Luiza Zacharias, diretora de Novos Negócios da Horus, acrescenta que a quebra na safra de grãos como café, soja e milho agravam o cenário já limitado pelo conflito no Leste Europeu.
— O preço do pão vem subindo fortemente nos últimos meses, principalmente por causa do aumento do trigo, por causa da guerra. Assim que eclodiu, o trigo subiu 30% e vai na escalada de inflação. No caso do café, a redução da oferta no mercado internacional e valorização do dólar tornam a exportação mais atrativa e o preço sobe internamente — resume a estatística.

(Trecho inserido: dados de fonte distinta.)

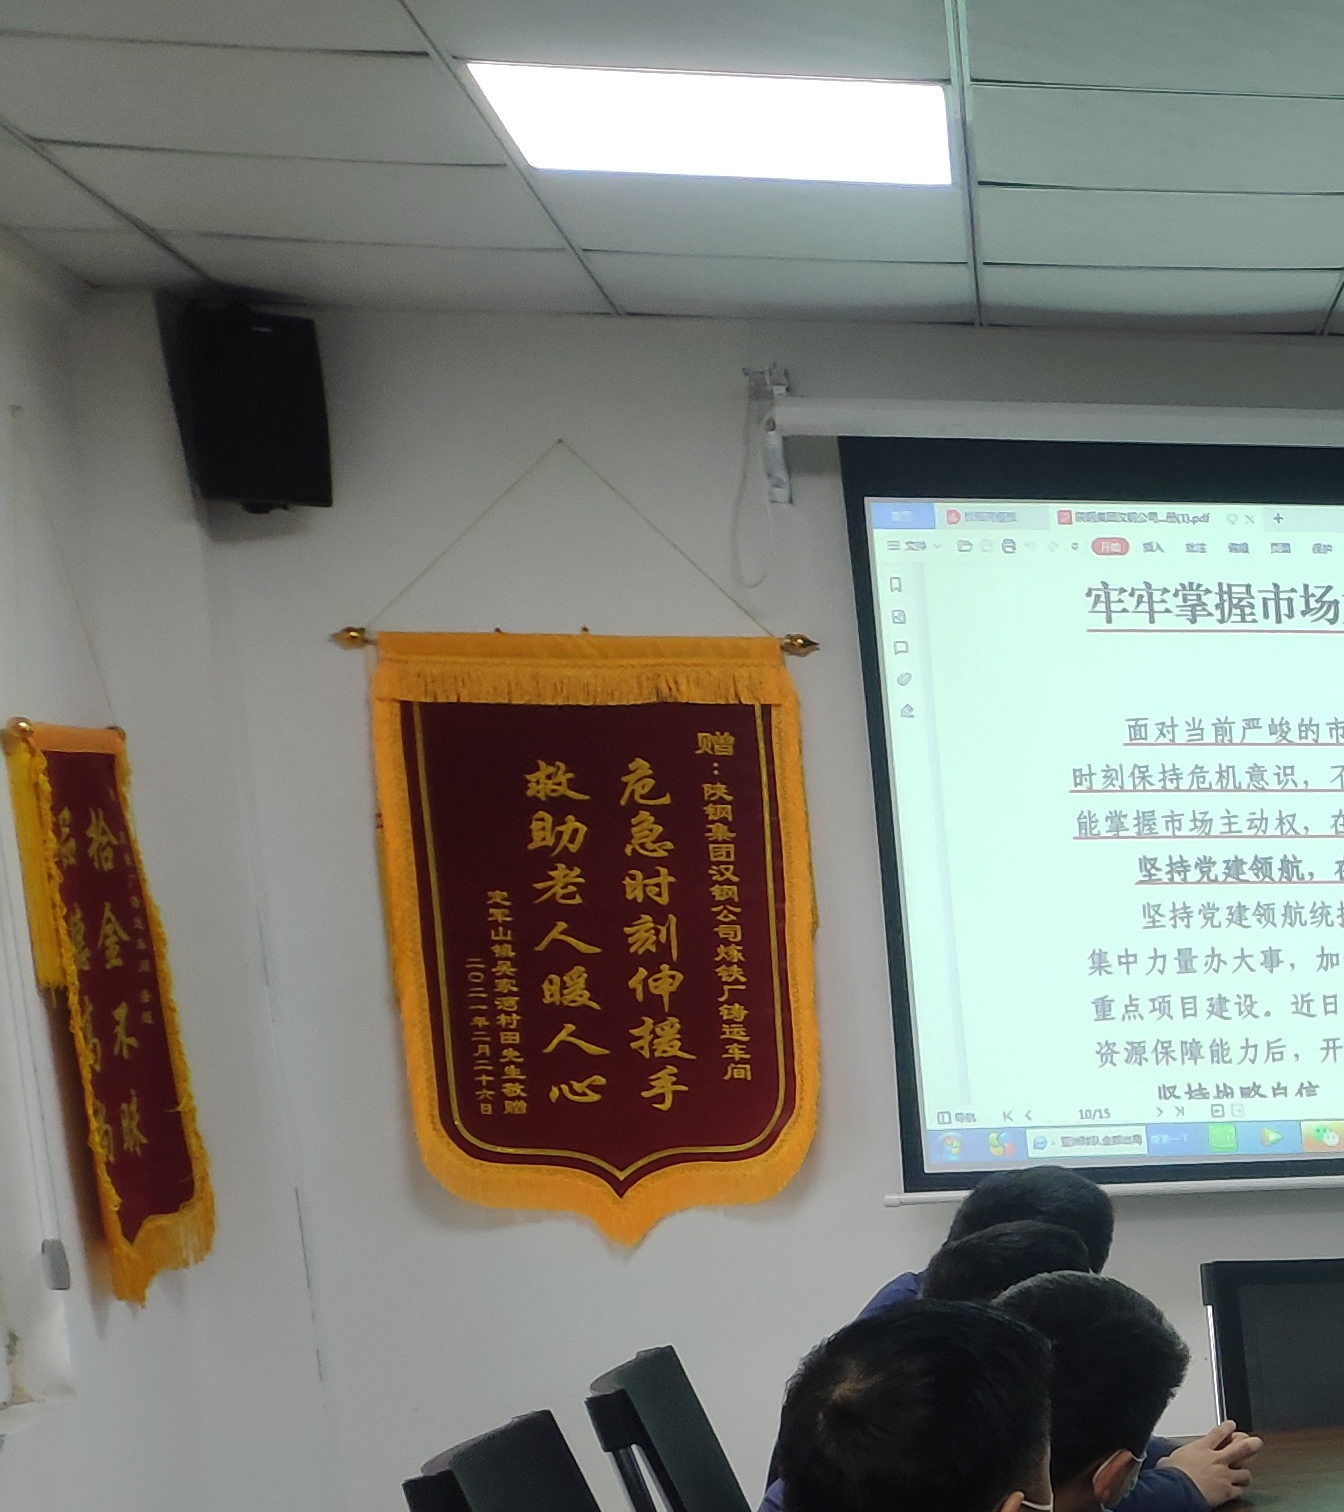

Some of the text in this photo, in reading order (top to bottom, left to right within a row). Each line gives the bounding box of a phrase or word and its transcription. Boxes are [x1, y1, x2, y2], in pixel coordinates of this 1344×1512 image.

[523, 759, 611, 1106] 救助老人暖人心
[617, 756, 697, 1112] 危急时刻伸援手
[1079, 1108, 1111, 1120] 10/15

Paulo Menegueli, presidente da Associação Brasileira da Indústria de Panificação e Confeitaria (Abip), considera que a guerra agravou fatores que já pressionavam o setor.
— Na pandemia, tivemos um aumento muito grande de embalagens e os insumos começaram a subir desde aquela época. A energia também subiu e o combustível dobrou de valor.
Ele continua:
— Temos orientado as entidades a repassar só o que for necessário, mas o que estamos vendo é um desespero geral. O valor de US$ 500 (R$ 2.397) numa tonelada de trigo é histórico.
Padarias e fábricas
O aumento destes produtos reverbera por toda a cadeia e empresários tentam equilibrar as contas. A dona da rede de padarias que leva o seu sobrenome Patricia Cardin, por exemplo, aplicou reajuste nos pães recheados e segurou os da minibaguete, que é seu produto mais básico, para ganhar no volume de vendas.

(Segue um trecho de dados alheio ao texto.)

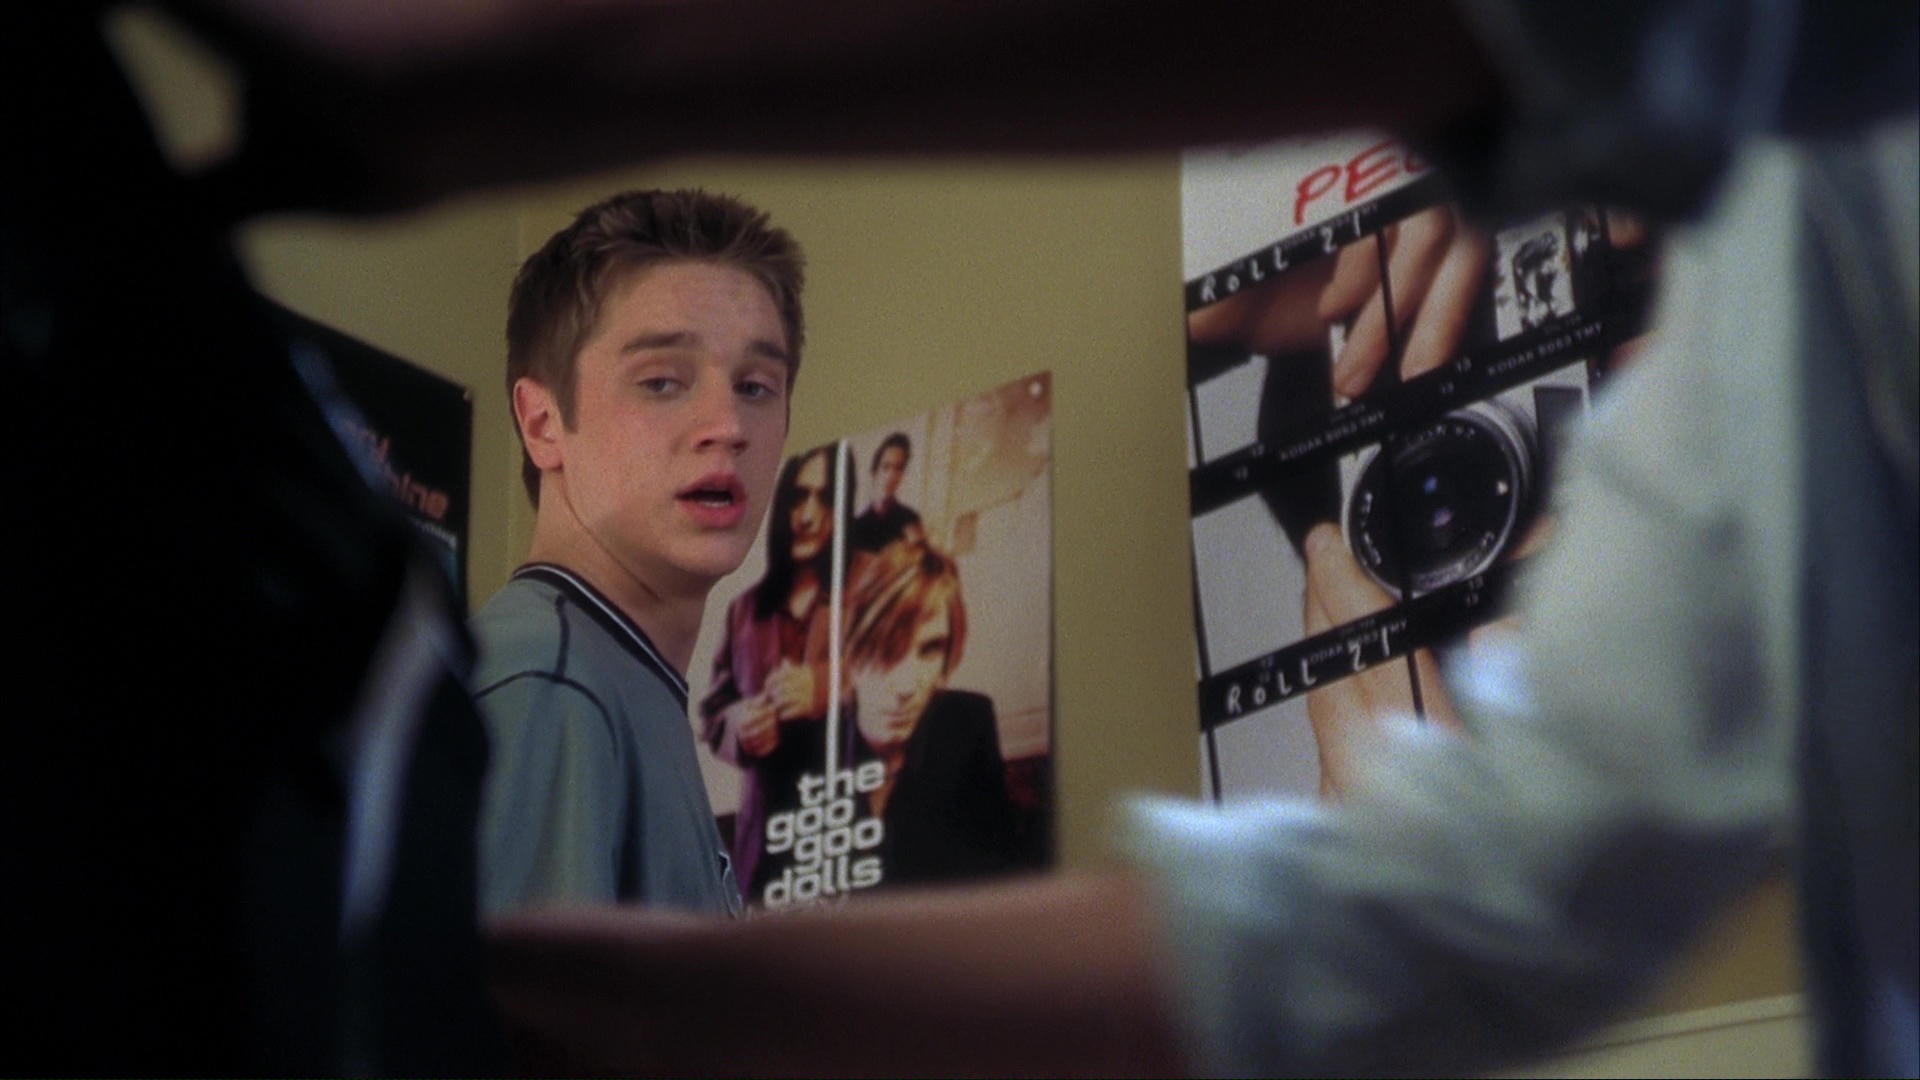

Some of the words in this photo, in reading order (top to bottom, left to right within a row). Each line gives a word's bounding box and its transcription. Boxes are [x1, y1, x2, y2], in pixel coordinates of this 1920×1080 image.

O consumo nas lojas está mais contido, sem compras por impulso, explica:
— Está difícil até de repassar para o consumidor. Fiz um reajuste em novembro e outro em maio de 5% em cada. Não tinha mais como segurar.
A Bimbo, detentora das marcas Pullman, Plusvita, AnaMaria e outras, diz que está buscando melhorar processos para reduzir custo e lançar produtos direcionados para minimizar os impactos.
— Toda nossa cadeia de suprimentos sofre impactos causados pela inflação, e estamos de olho no perfil de consumo que pode ser afetado. A redução no poder de compra de algumas categorias acaba pressionando ainda mais o posicionamento da indústria — explica Afonso Argudín, diretor geral da Bimbo Brasil.